In Chapter 5 we presented many of the issues raised by extensions of domestic violence networks to include health care providers. Here we want to raise several additional issues, including: (1) whether, in addition to screening and identifying domestic violence, hospitals community health centers, and other providers should try to develop some internal capacity to counsel or otherwise help victims, or whether they should rely on referral networks; (2) what types of training might be appropriate for health care system personnel and who should provide it; and (3) the implications for types of services and approaches of the fact that many of the women identified through case screening in health care settings will not be ready to accept referrals to traditional domestic violence programs.
One of the key factors discouraging health care workers from implementing screening procedures for domestic violence is uncertainty about what they should do if they find it. If a community lacks resources to assist the newly discovered cases, or if the health care workers do not know of available resources and potential actions, they cannot refer new cases to appropriate sources of help outside their own settings. If the resources exist in the community, some of the difficulty can be overcome with training and education for health care workers. But, if the resources do not exist, or are in some ways inappropriate for the women whose situation is being discovered by screening in health care settings, health care workers may find themselves caught in a bind. One option is for health care workers to cooperate with current domestic violence service providers to help them expand their services in ways that would meet the needs of the women identified in health settings. As these services develop, referral could take place as usual.
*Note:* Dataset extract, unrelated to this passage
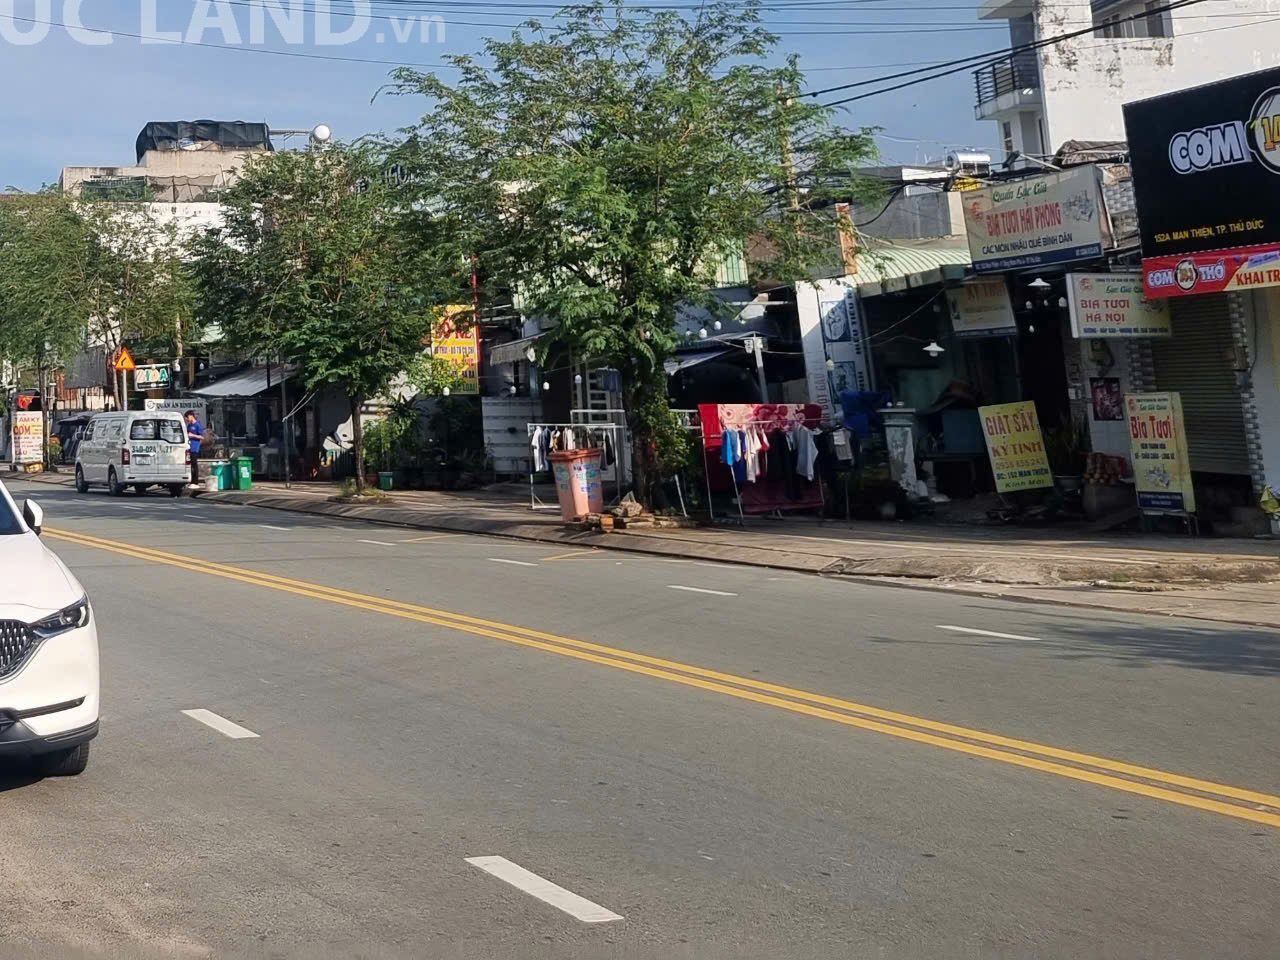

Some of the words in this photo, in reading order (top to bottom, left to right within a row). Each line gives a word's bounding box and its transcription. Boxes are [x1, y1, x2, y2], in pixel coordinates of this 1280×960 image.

An option other than referral is for health care settings to develop some level of internal capacity to address the needs of battered women. In hospitals this is likely to be limited to counseling in the immediate circumstance of having someone who screens in for battering. However, in community health center settings more extensive options are possible including running on-going counseling groups for women, as well as making individual counseling available and discussing options for legal and other types of action with the woman. Having health care agencies begin to set up their own services for battered women raises all kinds of questions and concerns, but also may offer women a greater range of options that may fit the circumstances and wants of some women better than the currently available array of services in agencies devoted exclusively to domestic violence issues. One important issue is the training and knowledge base of the health-based staff who would provide the additional services. It is important that they know a good deal about domestic violence patterns and issues, and also know a good deal about the life circumstances of the people they are likely to be working with. Who should provide the training, of what it should consist, how often it should be repeated, are all issues to be resolved.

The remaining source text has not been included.